Work to complete:
An exact, word-for-word copy of the entries is required, beginning at the line that contains "this 1334×1500 image." and ending at the last line, both included.

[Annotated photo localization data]
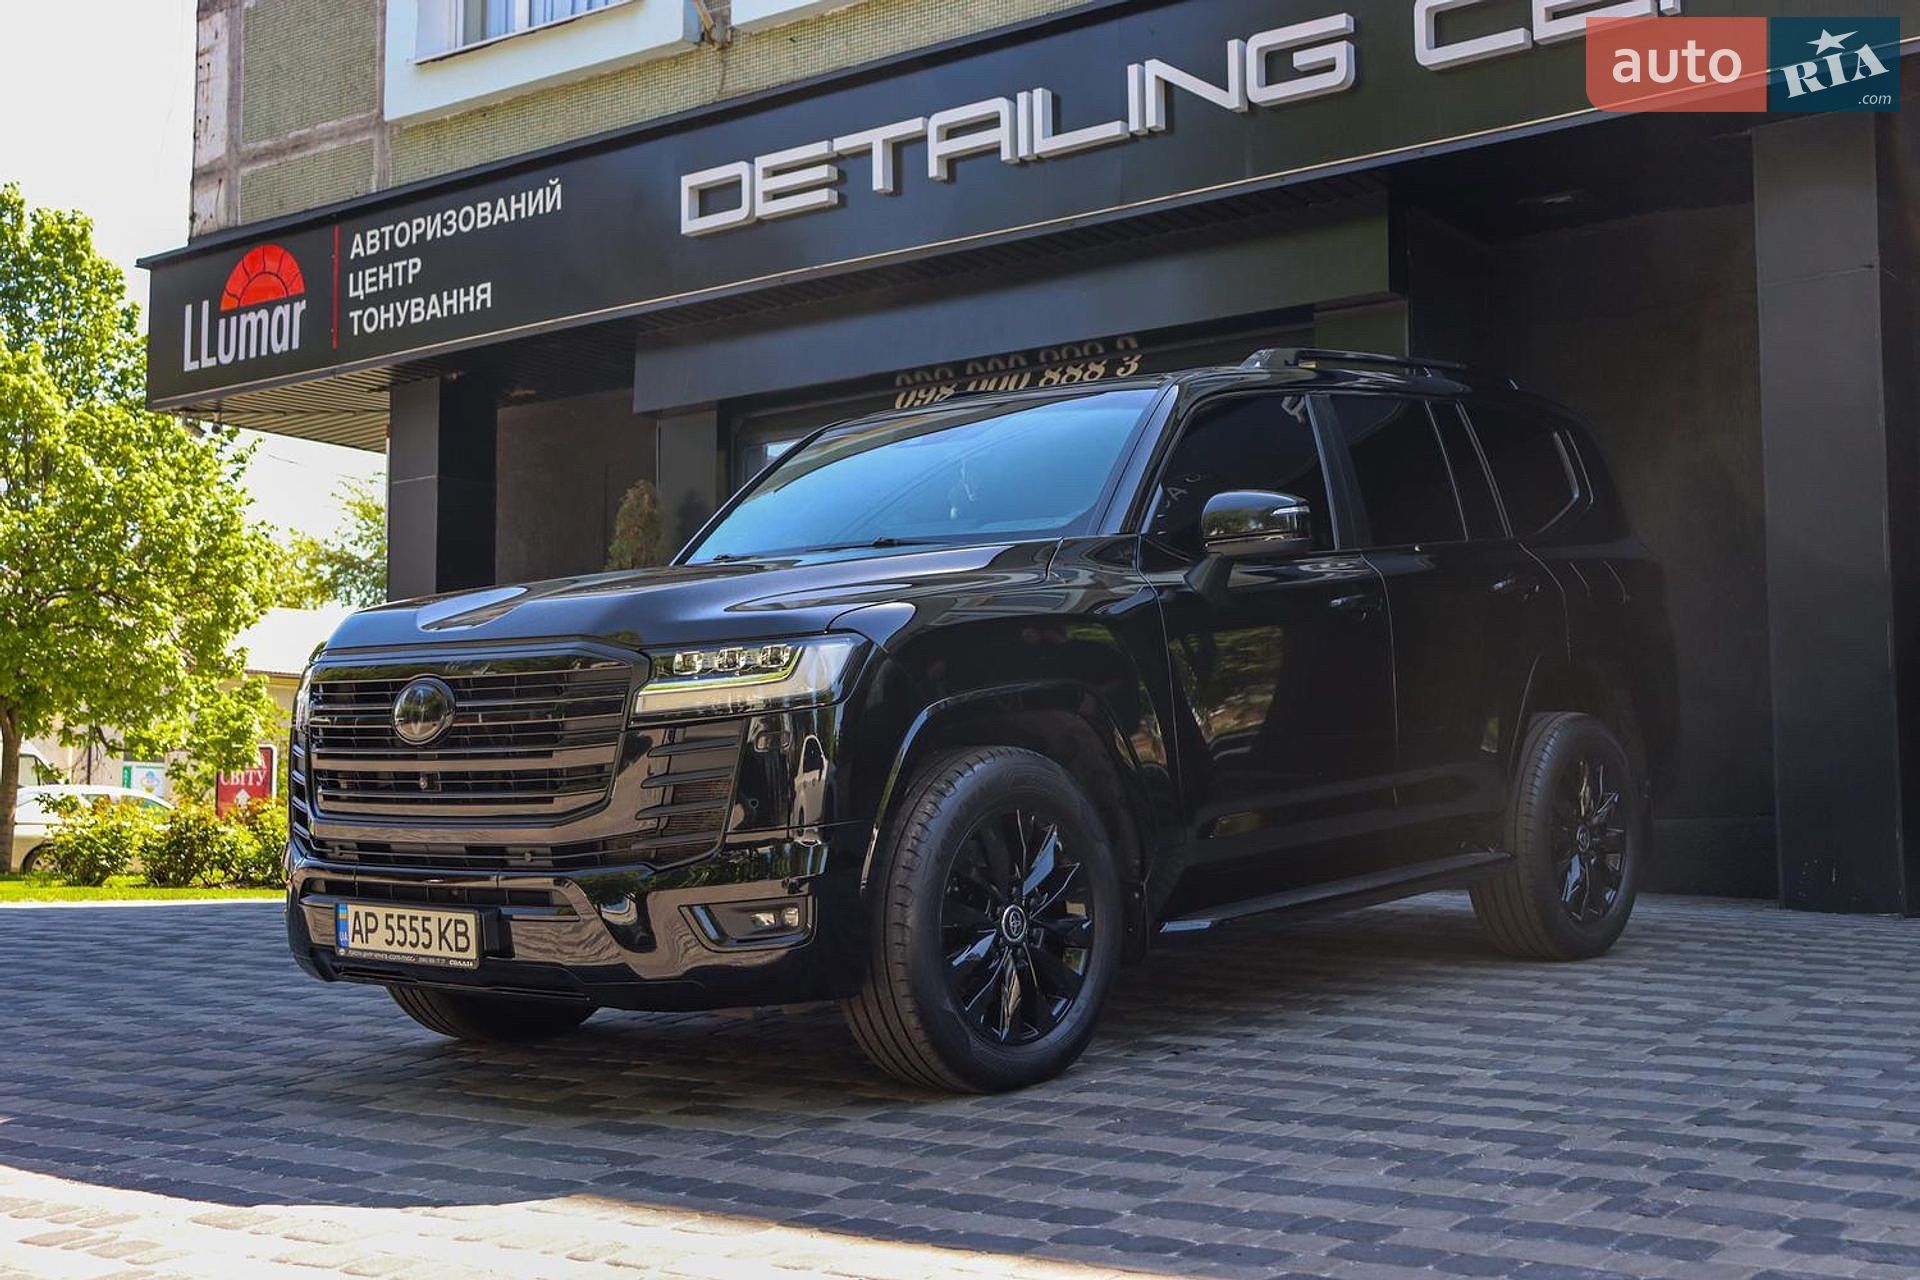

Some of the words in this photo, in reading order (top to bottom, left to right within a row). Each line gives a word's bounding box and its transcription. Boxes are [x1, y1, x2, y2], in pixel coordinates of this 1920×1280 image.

[681, 12, 1356, 236] DETAILING
[1414, 0, 1682, 71] CE
[349, 178, 563, 259] АВТОРИЗОВАНИЙ
[348, 257, 422, 300] ЦЕНТР
[349, 281, 492, 336] ТОНУВАННЯ
[183, 298, 306, 372] LLumar
[352, 911, 378, 944] AP
[384, 912, 433, 950] 5555
[438, 917, 470, 952] KB
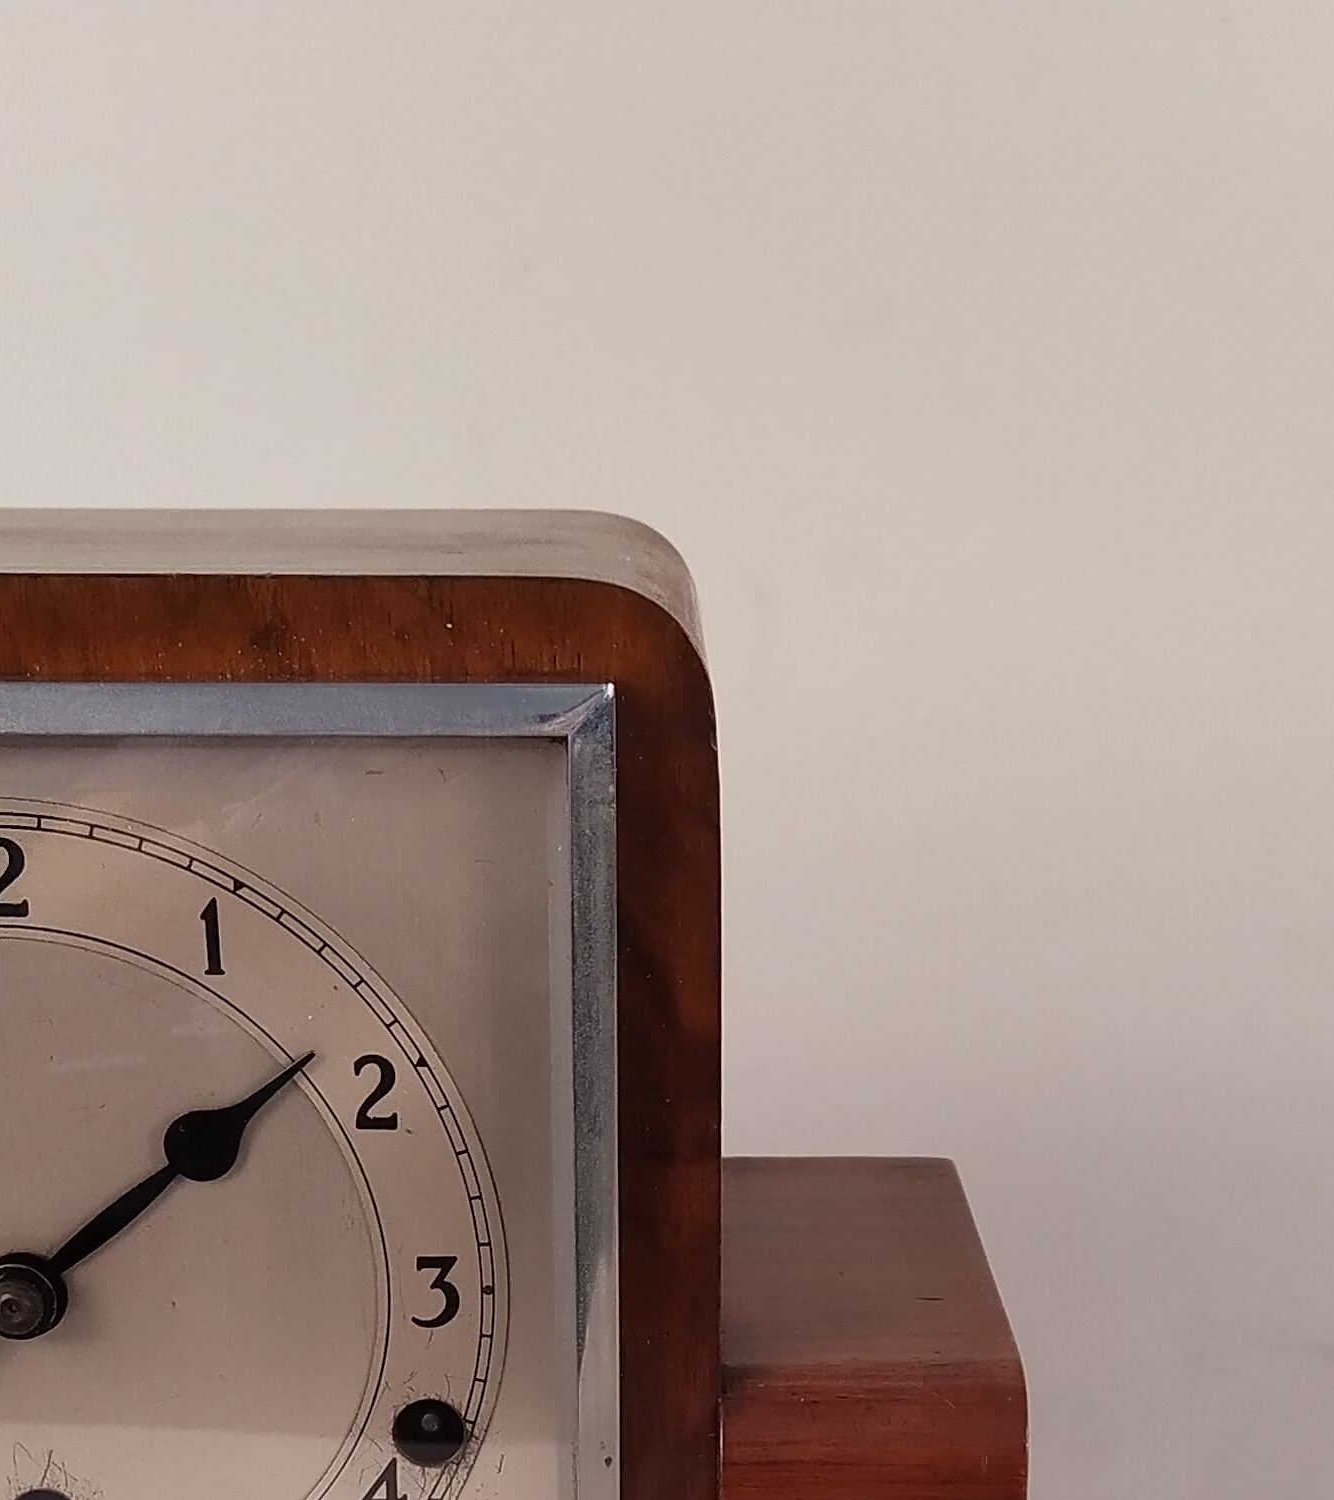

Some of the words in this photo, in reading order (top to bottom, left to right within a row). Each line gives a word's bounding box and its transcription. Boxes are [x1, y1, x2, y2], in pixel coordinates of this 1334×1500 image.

[200, 897, 225, 975] 1
[354, 1055, 399, 1130] 2
[412, 1256, 460, 1329] 3

Your response:
Some of the words in this photo, in reading order (top to bottom, left to right within a row). Each line gives a word's bounding box and its transcription. Boxes are [x1, y1, x2, y2], in pixel coordinates of this 1334×1500 image.

[200, 897, 225, 975] 1
[354, 1055, 399, 1130] 2
[412, 1256, 460, 1329] 3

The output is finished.